Bundesgerichtshof
Beschl. v. 03.07.1958, Az.: V BLw 57/57
Rechtsmittel
Bibliographie
- Gericht
- BGH
- Datum
- 03.07.1958
- Aktenzeichen
- V BLw 57/57
- Entscheidungsform
- Beschluss
- Referenz
- WKRS 1958, 13945
- Entscheidungsname
- [keine Angabe]
- ECLI
- [keine Angabe]
Verfahrensgang
- vorgehend
- AG Rüthen
- OLG Hamm - 22.10.1957
Rechtsgrundlage
- § 13 Abs. 2 HöfeO
Fundstellen
- BGHZ 28, 92 - 98
- DNotZ 1959, 139-141
- MDR 1958, 675 (Volltext mit amtl. LS)
- NJW 1958, 1535-1537 (Volltext mit amtl. LS)
Verfahrensgegenstand
eines Abfindungsergänzungsanspruchs
Prozessführer
der Ehefrau des Gerichtsassessors Dr. Gerhard K. Regina geb. N. in A., G.straße ..., vertreten durch den Rechtsanwalt ... in ...
Prozessgegner
den Landwirt Rudolf N. in S. ( ...), H., vertreten durch die Rechtsanwälte ... und in ...
Amtlicher Leitsatz
- 1.
Die Veräußerung des Hofinventars begründet keinen Anspruch auf Ergänzung der Abfindungen.
- 2.
Der bei einer Veräußerung von Hofgrundstücken für den Anspruch auf Ergänzung der Abfindungen in Betracht kommende Grundstückswert ist der Verkehrswert im Zeitpunkt des Erbfalles.

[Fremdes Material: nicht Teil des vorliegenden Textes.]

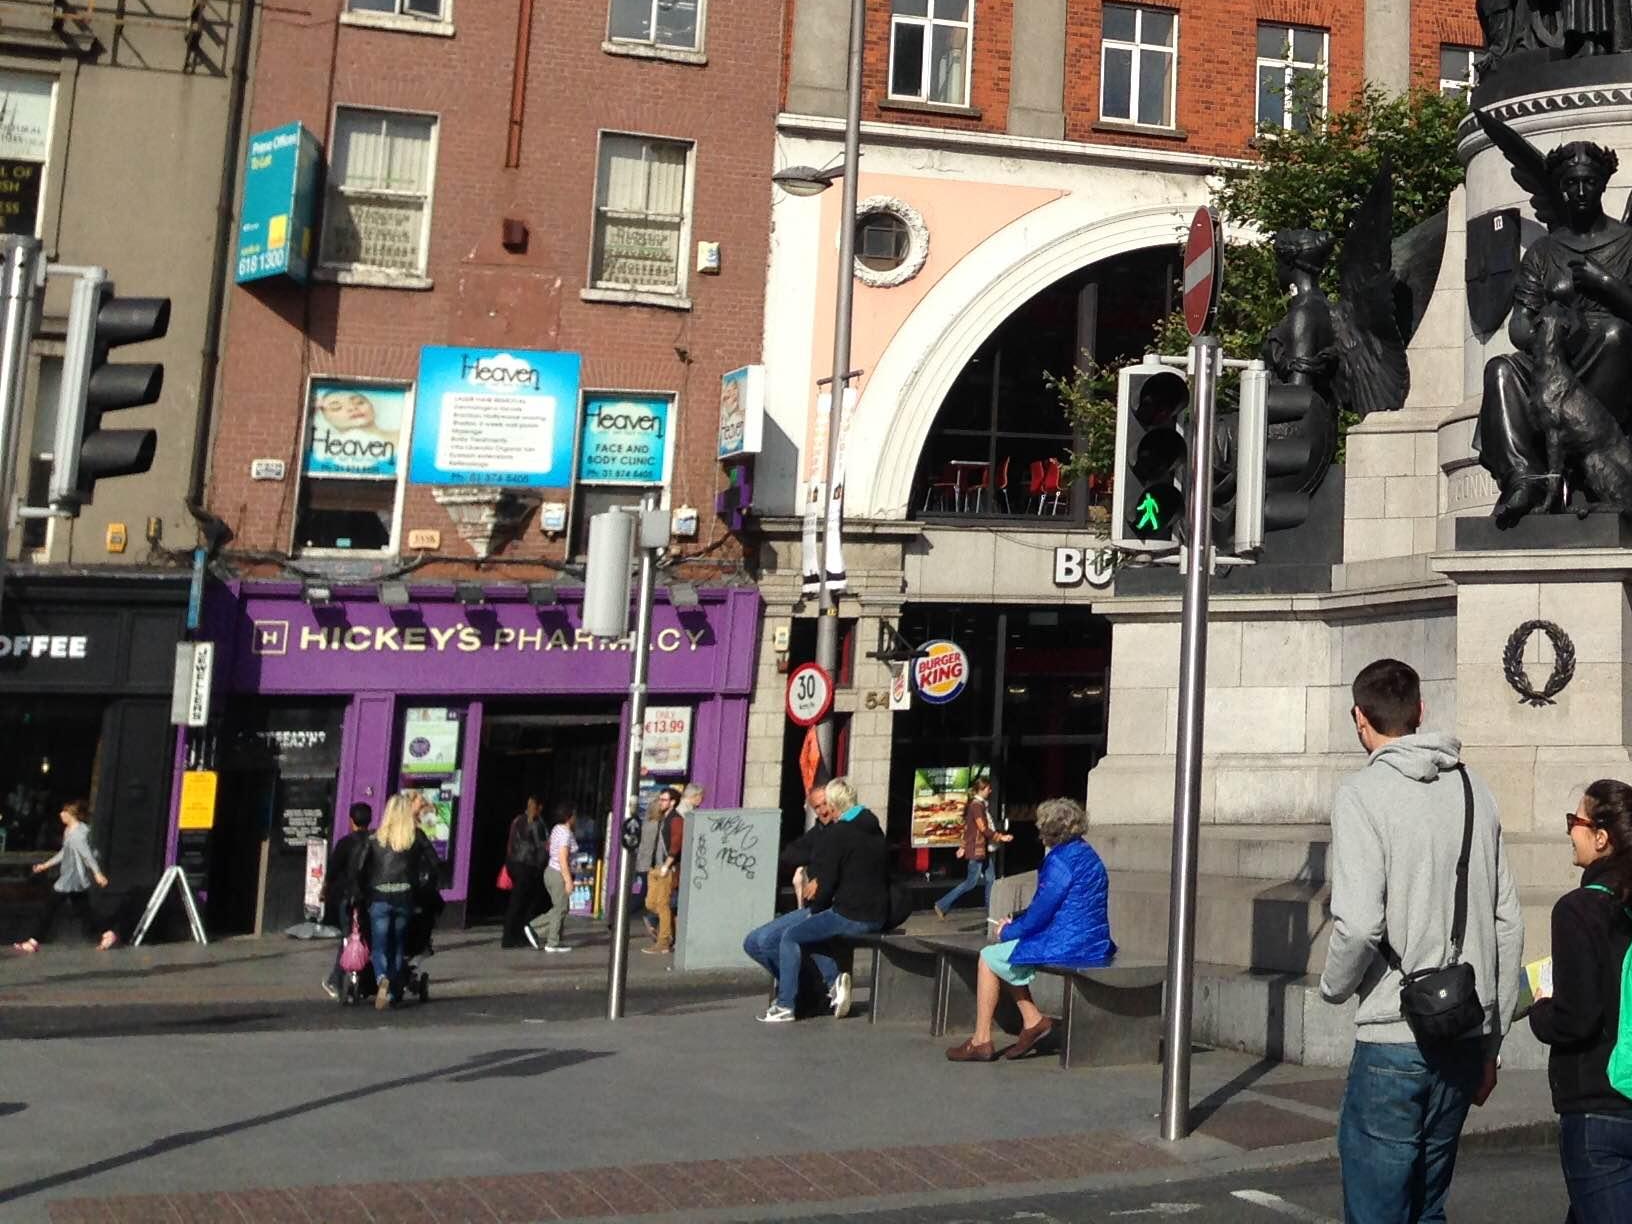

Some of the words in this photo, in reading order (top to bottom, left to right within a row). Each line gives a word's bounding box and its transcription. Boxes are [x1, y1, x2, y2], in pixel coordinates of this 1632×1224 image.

hat der V. Zivilsenat des Bundesgerichtshofs als Senat für Landwirtschaftssachen in der Sitzung vom 3. Juli 1958 unter Mitwirkung des Senatspräsidenten Dr. Tasche, der Bundesrichter Dr. Hückinghaus und Dr. Piepenbrock sowie der landwirtschaftlichen Beisitzer Dr. h. c. Berk und Dr. Töpsch beschlossen:
Tenor:
Auf die Rechtsbeschwerde der Antragstellerin wird der Beschluß des 10. Zivilsenats des Oberlandesgerichts in Hamm vom 22. Oktober 1957 aufgehoben. Die Sache wird zur erneuten Prüfung und Entscheidung an das Beschwerdegericht zurückverwiesen, dem auch die Entscheidung über die Kosten des Rechtsbeschwerdeverfahrens übertragen wird.
Der Geschäftswert für das Rechtsbeschwerdeverfahren wird auf 13.500 DM festgesetzt.
Gründe:
I.
Der Antragsgegner ist Eigentümer des im Grundbuch von K. Bd. ... Bl. ... verzeichneten Hofes, den er durch Vertrag vom 9. September 1954 von seinem Vater übertragen erhalten hat. Er steht seit dem 4. März 1955 als Eigentümer im Grundbuch eingetragen. Die Antragstellerin ist eine Schwester des Antragsgegners. Weitere Geschwister sind nicht vorhanden.
Der Hof hatte zur Zeit der Übergabe eine Größe von 25,9140 ha. Der Einheitswert betrug 20.800 DM. 10,7246 ha waren seit 1949 verpachtet. An dieser Fläche hat sich der Übertragsgeber den lebenslänglichen Nießbrauch vorbehalten. Der Antragsgegner ist infolge eines im Jahre 1949 erlittenen Unfalls arbeitsunfähig. Er hat im Frühjahr 1955 den Hof, soweit er ihn bis dahin noch selbst bewirtschaftete, verpachtet und das gesamte Inventar veräußert. Er wohnt mit seinen Eltern in K. wo seine Ehefrau ein Lebensmittelgeschäft betreibt.
Im November 1956 hat der Antragsgegner ein zum Hof gehörendes Grundstück in Größe von 2,5374 ha an die Gemeinde K., die das Grundstück als Tauschland für die Beschaffung von Siedlungsgelände benötigte, zum Preise von 27.000 DM verkauft. Die Umschreibung im Grundbuch ist am 7. Januar 1957 erfolgt.
Der Antragsgegner hat sich in dem Übergabevertrag verpflichtet, an seine Schwester außer den bisher gewährten Leistungen noch 7.600 DM als Abfindung zu zahlen. Mit diesem Betrag, der inzwischen bis auf 2.600 DM gezahlt worden ist, sollte, worüber die Beteiligten einig sind, eine Barabfindung von insgesamt 12.500 DM erreicht werden. Die Antragstellerin hat außerdem eine Aussteller erhalten, die sie mit 2.500 DM bewertet, während der Antragsgegner meint, daß dieser Betrag zu niedrig geschätzt sei.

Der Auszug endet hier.